数字
今日の宿題は数学だ。アヤは解けない問題に夢中なっている。解けないと宿題は終わらない。
僕の知ってる一番大きな数は3だ。3より多い数は「たくさん」だ。僕は自分にそう言い聞かせた。
「アヤ。4って何?」
アヤが使っている線をまっすぐ引くための道具には目盛りが付いていて小さな数字が書いてある。
「4は4だよ。3の次の数が4だよ。」
アヤは目盛りを1から順番になぞりながら4の所で指先を止めた。
「3の次は「たくさん」だよ。
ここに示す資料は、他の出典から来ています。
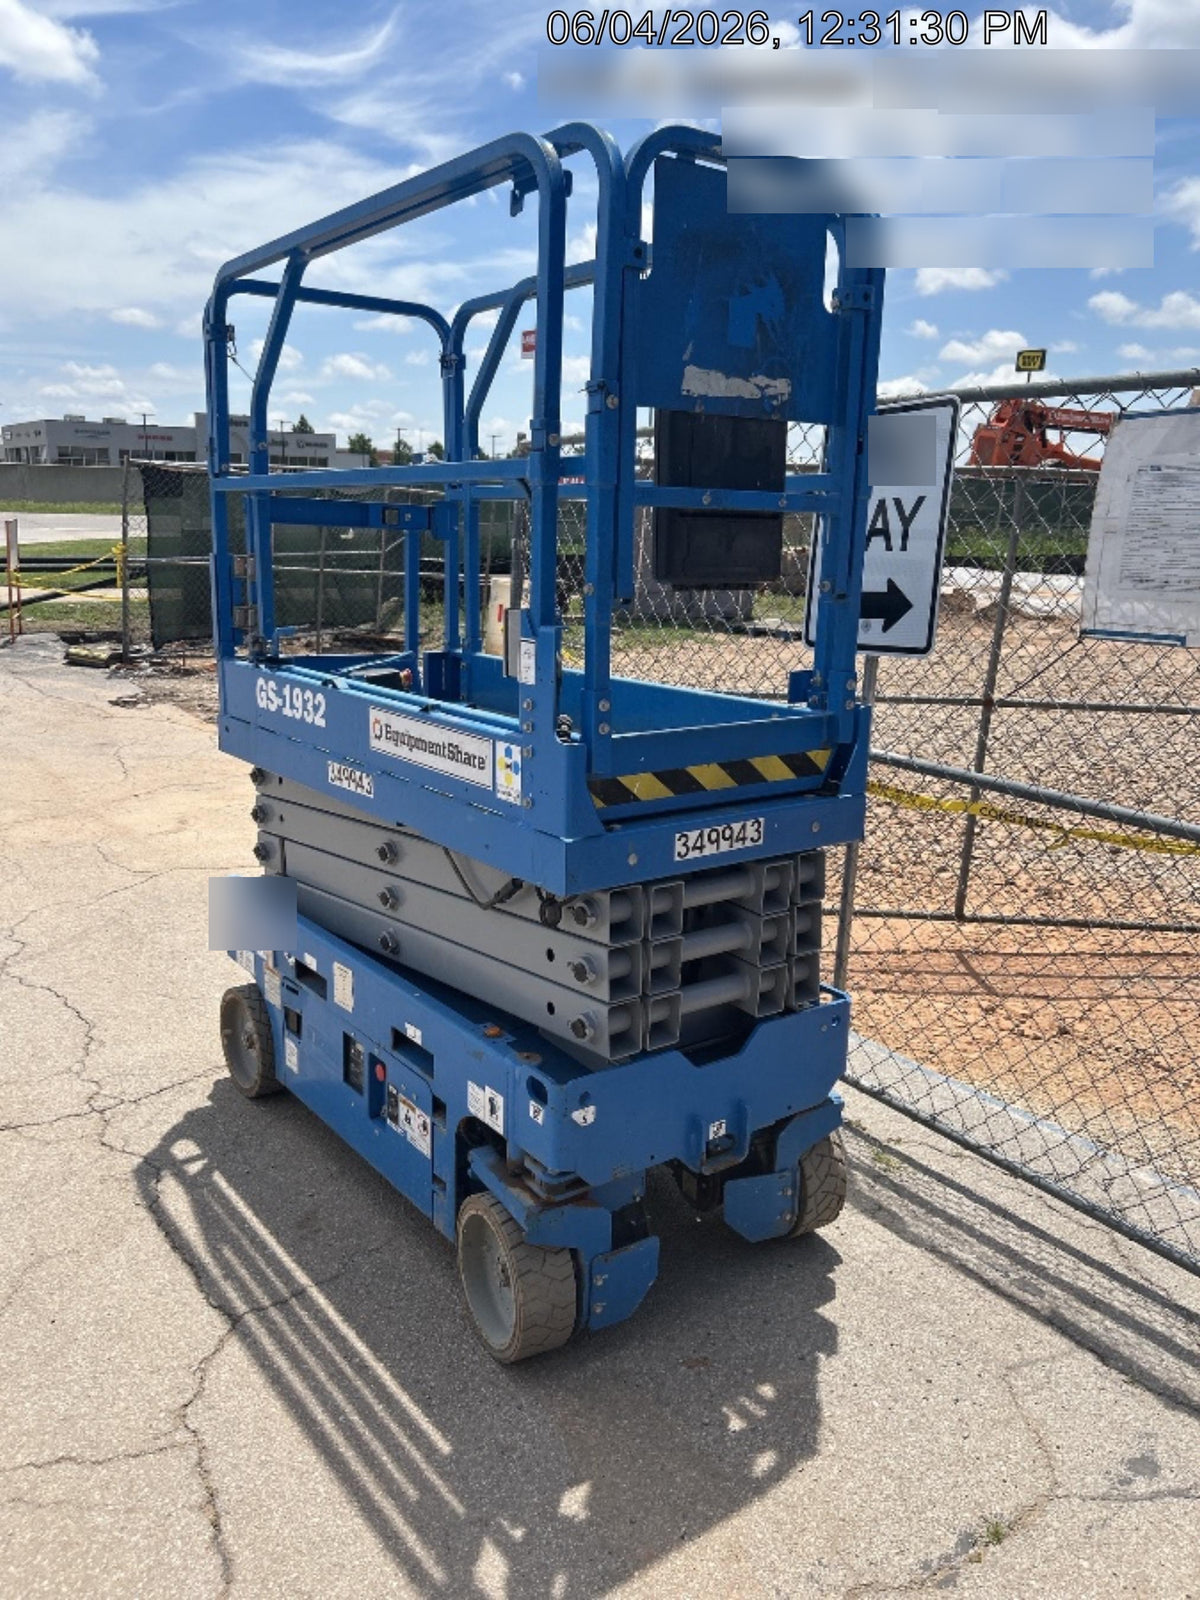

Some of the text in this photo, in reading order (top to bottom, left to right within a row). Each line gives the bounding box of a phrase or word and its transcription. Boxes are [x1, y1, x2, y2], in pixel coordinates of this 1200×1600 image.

「たくさん」の事が4なんだね。」
明日の次は明後日で明後日の次は明明後日。僕はその次は知らない。
「違うよ。3が1増えたら4。3が2増えたら5。3が3増えたら6。」
アヤはノートに数字と記号を書きながら僕に説明してくれた。二本線の記号で繋がれた式と数字は同じ意味だ。
「4も5も6も「たくさん」だね。でも4より5の方が「たくさん」なんだね。」
全部同じだと言い聞かせたはずの「たくさん」が姿を変えた。
「3が3増えてさらに1増えたら7だよ。」
「アヤ。ノート見て。僕の認識出来る数をxだと考えて、僕の認識出来ない数をyだと思えばこの問題解けるよ。」
「氷室君は4と5の差を知らないのに、何で数学の問題が解けるの?」
答えは簡単。僕が嘘付きだからだ。でも僕はアヤに答は教えてあげない。アヤに嫌われるのは嫌だ。
アヤが夢中になるのは僕だけでいい。